**Exercise directions:** Strip the pictures, then copy the remaining data exactly as it stands.

======== Extracted entries

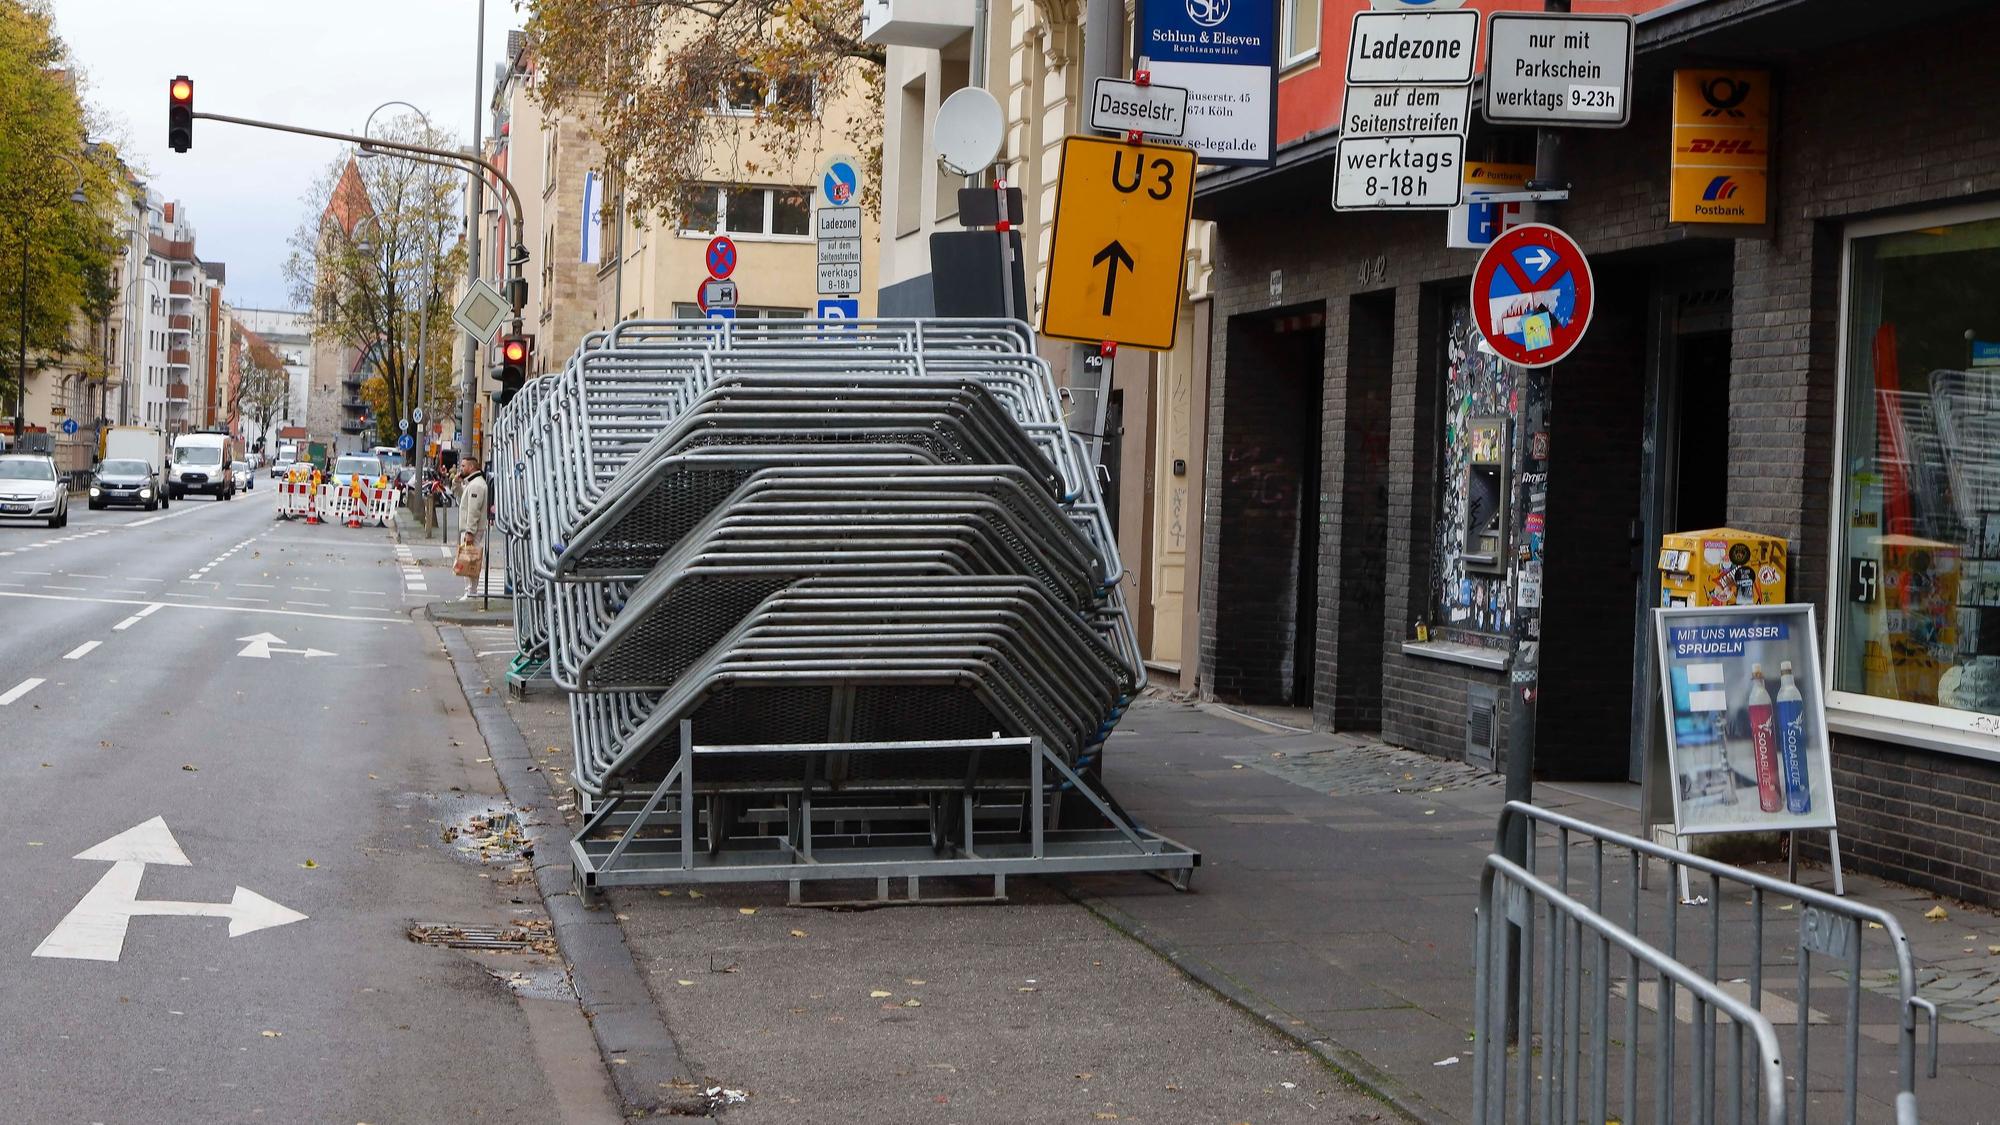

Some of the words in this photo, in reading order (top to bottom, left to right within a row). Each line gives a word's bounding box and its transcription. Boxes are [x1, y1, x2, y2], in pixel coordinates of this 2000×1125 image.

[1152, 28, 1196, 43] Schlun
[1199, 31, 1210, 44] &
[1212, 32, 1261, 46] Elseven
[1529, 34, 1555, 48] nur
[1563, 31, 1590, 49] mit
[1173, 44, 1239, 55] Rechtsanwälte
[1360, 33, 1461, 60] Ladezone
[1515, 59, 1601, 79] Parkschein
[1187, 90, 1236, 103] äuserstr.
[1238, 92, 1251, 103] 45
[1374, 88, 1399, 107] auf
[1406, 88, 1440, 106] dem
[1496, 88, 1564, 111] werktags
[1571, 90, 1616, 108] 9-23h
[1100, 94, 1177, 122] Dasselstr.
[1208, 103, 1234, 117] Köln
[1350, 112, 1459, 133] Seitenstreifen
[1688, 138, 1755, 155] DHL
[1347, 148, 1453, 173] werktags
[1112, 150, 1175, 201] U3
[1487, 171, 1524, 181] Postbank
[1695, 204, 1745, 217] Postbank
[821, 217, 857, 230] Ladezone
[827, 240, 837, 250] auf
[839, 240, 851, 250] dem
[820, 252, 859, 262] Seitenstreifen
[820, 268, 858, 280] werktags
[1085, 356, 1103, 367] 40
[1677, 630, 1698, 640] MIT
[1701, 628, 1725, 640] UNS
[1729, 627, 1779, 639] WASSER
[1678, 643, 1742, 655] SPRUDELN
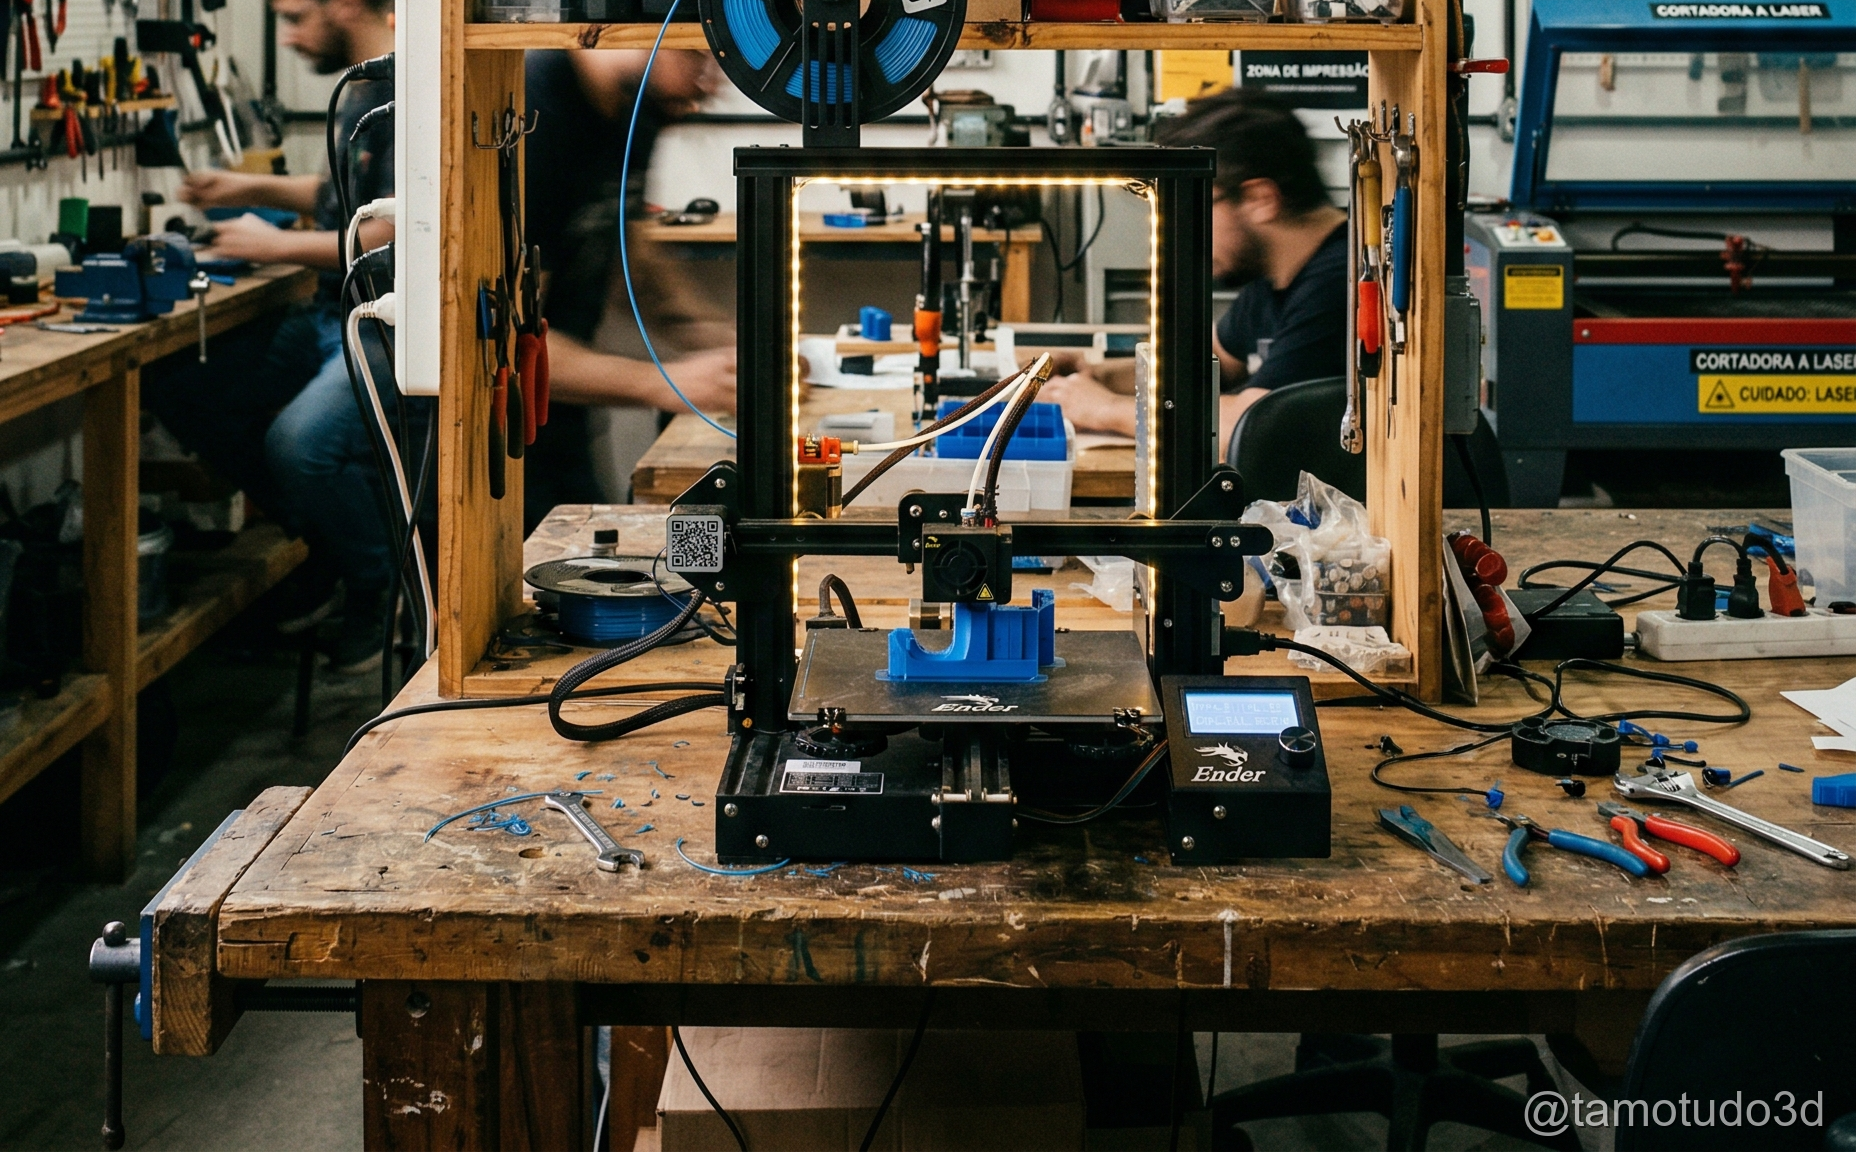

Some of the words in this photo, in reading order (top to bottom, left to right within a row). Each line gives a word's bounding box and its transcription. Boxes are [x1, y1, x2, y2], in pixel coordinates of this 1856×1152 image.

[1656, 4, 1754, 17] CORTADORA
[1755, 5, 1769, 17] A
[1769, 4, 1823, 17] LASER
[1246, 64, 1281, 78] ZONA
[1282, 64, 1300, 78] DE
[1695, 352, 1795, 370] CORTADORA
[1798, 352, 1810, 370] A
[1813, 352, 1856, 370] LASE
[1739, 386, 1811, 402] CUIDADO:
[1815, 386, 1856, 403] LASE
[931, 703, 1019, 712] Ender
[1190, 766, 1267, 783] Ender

================

**Solution:**
Some of the words in this photo, in reading order (top to bottom, left to right within a row). Each line gives a word's bounding box and its transcription. Boxes are [x1, y1, x2, y2], in pixel coordinates of this 2000×1125 image.

[1152, 28, 1196, 43] Schlun
[1199, 31, 1210, 44] &
[1212, 32, 1261, 46] Elseven
[1529, 34, 1555, 48] nur
[1563, 31, 1590, 49] mit
[1173, 44, 1239, 55] Rechtsanwälte
[1360, 33, 1461, 60] Ladezone
[1515, 59, 1601, 79] Parkschein
[1187, 90, 1236, 103] äuserstr.
[1238, 92, 1251, 103] 45
[1374, 88, 1399, 107] auf
[1406, 88, 1440, 106] dem
[1496, 88, 1564, 111] werktags
[1571, 90, 1616, 108] 9-23h
[1100, 94, 1177, 122] Dasselstr.
[1208, 103, 1234, 117] Köln
[1350, 112, 1459, 133] Seitenstreifen
[1688, 138, 1755, 155] DHL
[1347, 148, 1453, 173] werktags
[1112, 150, 1175, 201] U3
[1487, 171, 1524, 181] Postbank
[1695, 204, 1745, 217] Postbank
[821, 217, 857, 230] Ladezone
[827, 240, 837, 250] auf
[839, 240, 851, 250] dem
[820, 252, 859, 262] Seitenstreifen
[820, 268, 858, 280] werktags
[1085, 356, 1103, 367] 40
[1677, 630, 1698, 640] MIT
[1701, 628, 1725, 640] UNS
[1729, 627, 1779, 639] WASSER
[1678, 643, 1742, 655] SPRUDELN

Some of the words in this photo, in reading order (top to bottom, left to right within a row). Each line gives a word's bounding box and its transcription. Boxes are [x1, y1, x2, y2], in pixel coordinates of this 1856×1152 image.

[1656, 4, 1754, 17] CORTADORA
[1755, 5, 1769, 17] A
[1769, 4, 1823, 17] LASER
[1246, 64, 1281, 78] ZONA
[1282, 64, 1300, 78] DE
[1695, 352, 1795, 370] CORTADORA
[1798, 352, 1810, 370] A
[1813, 352, 1856, 370] LASE
[1739, 386, 1811, 402] CUIDADO:
[1815, 386, 1856, 403] LASE
[931, 703, 1019, 712] Ender
[1190, 766, 1267, 783] Ender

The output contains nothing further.